▶ [What you are asked to do]
Each record that follows should be repeated exactly, with no pictures carried over.

▶ [Input]
::::::

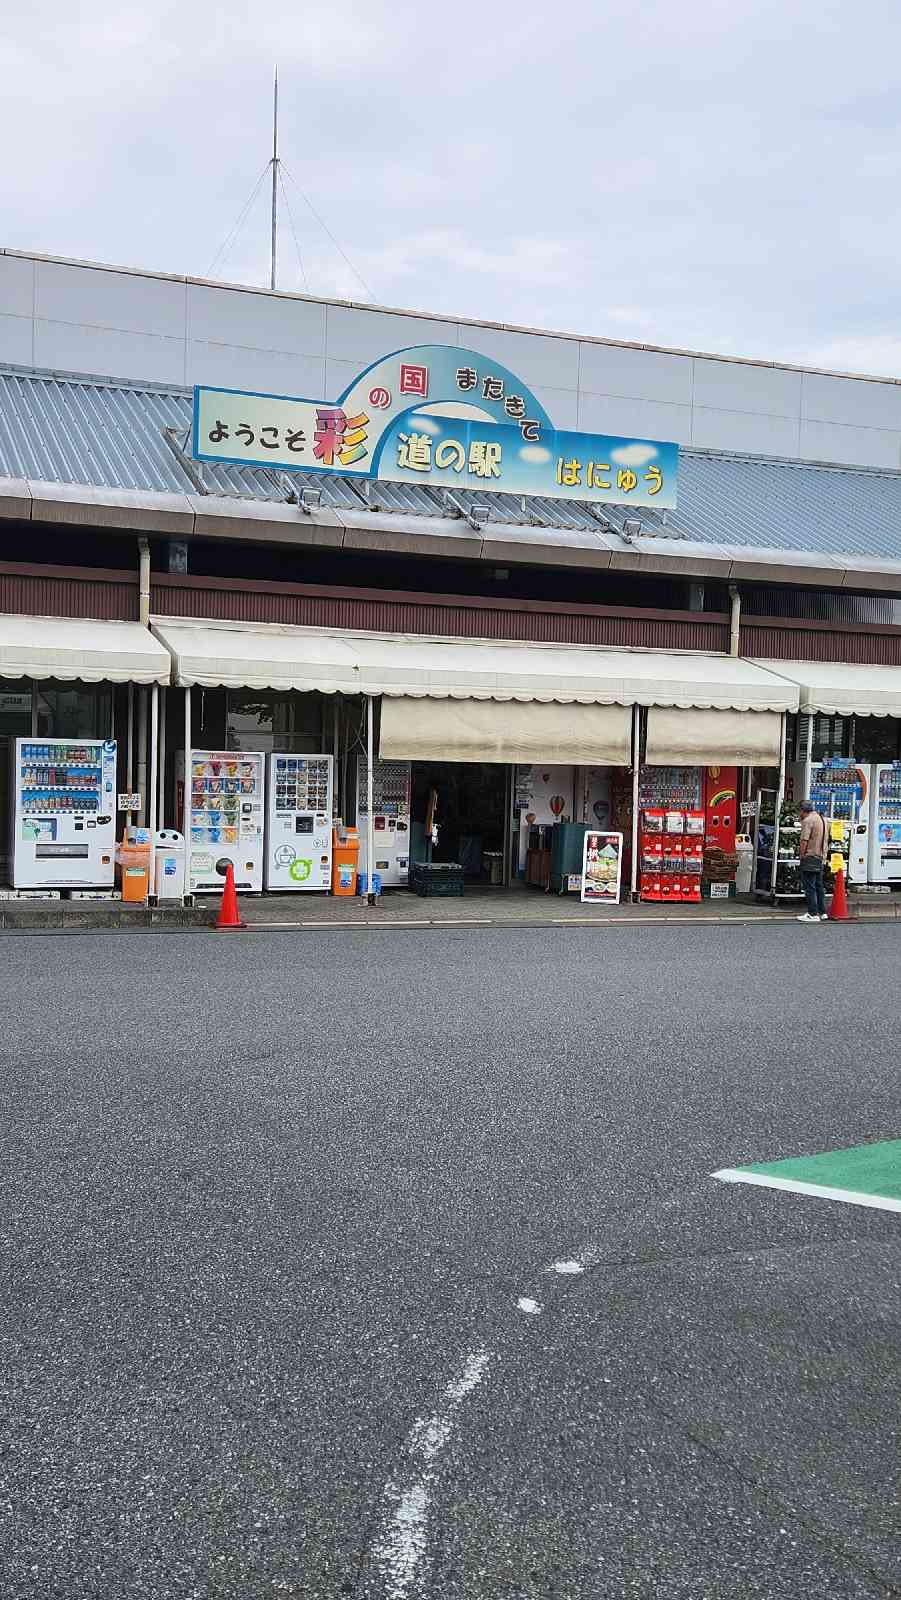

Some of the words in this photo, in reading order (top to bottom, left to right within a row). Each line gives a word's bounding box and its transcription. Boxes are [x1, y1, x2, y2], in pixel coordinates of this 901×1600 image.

[208, 420, 306, 453] ようこそ
[313, 364, 428, 466] 彩の国
[456, 367, 541, 441] またきて
[397, 433, 503, 478] 道の駅
[556, 457, 664, 494] はにゅう

::::::

▶ [Task response]
Some of the words in this photo, in reading order (top to bottom, left to right within a row). Each line gives a word's bounding box and its transcription. Boxes are [x1, y1, x2, y2], in pixel coordinates of this 901×1600 image.

[208, 420, 306, 453] ようこそ
[313, 364, 428, 466] 彩の国
[456, 367, 541, 441] またきて
[397, 433, 503, 478] 道の駅
[556, 457, 664, 494] はにゅう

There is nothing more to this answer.